A autora diz [transcreve-se na parte que importa]:
- Conforme é do conhecimento do réu, o conteúdo dos factos 2 a 5 constam do processo 686/12.3GAVCD (juízo criminal), bem como do conteúdo dos depoimentos prestados pelas 4 testemunhas da autora.
Quanto ao conteúdo dos factos 6 a 8, resultou dos depoimentos das testemunhas supra enunciadas.
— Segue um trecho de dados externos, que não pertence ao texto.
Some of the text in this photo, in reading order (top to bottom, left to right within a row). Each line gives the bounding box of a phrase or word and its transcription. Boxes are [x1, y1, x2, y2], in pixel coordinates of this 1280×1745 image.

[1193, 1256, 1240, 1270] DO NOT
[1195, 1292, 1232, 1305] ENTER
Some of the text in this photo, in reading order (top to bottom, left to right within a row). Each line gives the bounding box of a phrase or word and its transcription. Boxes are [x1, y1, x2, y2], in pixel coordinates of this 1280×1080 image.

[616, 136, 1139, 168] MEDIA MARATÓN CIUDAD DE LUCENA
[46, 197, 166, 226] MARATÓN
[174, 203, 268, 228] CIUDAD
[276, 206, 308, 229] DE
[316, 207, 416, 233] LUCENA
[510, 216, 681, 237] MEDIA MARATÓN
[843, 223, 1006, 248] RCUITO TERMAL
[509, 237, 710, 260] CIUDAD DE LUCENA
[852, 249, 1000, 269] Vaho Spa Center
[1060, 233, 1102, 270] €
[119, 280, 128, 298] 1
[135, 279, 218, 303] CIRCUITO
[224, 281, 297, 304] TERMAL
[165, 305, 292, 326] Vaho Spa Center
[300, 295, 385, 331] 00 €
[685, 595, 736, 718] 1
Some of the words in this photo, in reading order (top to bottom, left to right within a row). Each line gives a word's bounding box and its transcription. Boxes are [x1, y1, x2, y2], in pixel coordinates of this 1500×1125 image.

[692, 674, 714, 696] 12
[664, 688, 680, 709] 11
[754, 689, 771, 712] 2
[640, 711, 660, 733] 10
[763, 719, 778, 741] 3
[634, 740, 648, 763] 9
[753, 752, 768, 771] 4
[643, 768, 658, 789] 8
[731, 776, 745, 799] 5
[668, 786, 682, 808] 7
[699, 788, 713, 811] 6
A 1ª a 02:45 disse que «vi o pescoço e o braço da autora com equimoses»; «Quanto ao barulho apenas sei o que a autora me contou porque não sou vizinha dela.» A 04:46 disse que «tenho conhecimento do dia da saída de casa da autora - 14/07/2012 - porque no dia 14/07 estava em Fátima e enviei à autora uma mensagem a perguntar se estava tudo bem ao que ela respondeu que nem por isso, o marido bateu-lhe e meteu-a fora da porta.»; A 04:57 referiu que «a autora após ter saído de casa no dia 14/07 nunca mais regressou a casa, encontrava-se a viver com o filho, no apartamento deste.» Por último, a 06:00, disse que em face da situação psicológica da autora, «acompanhei várias vezes a autora, às consultas no Centro de Saúde.»
A 2ª quanto às marcas no corpo da autora, a 03:13: «vi a autora chorar e baixou o lenço e vi as marcas no pescoço…». A 03:35 refere que a autora por telemóvel disse: «não posso, não estou em casa, o meu marido pisou-me toda e meteu-me fora de casa.» A 03:59 disse: «vi, estava toda pisada na nádega direita...». A 05:43 referiu quanto à alteração da situação pessoal e psicológica da autora: «....andava doente, mais calada, levei-a várias vezes ao centro de saúde... andava muito doente da cabeça...». A 06:56 «…ela agora não vai lá baixo porque tem medo do marido...».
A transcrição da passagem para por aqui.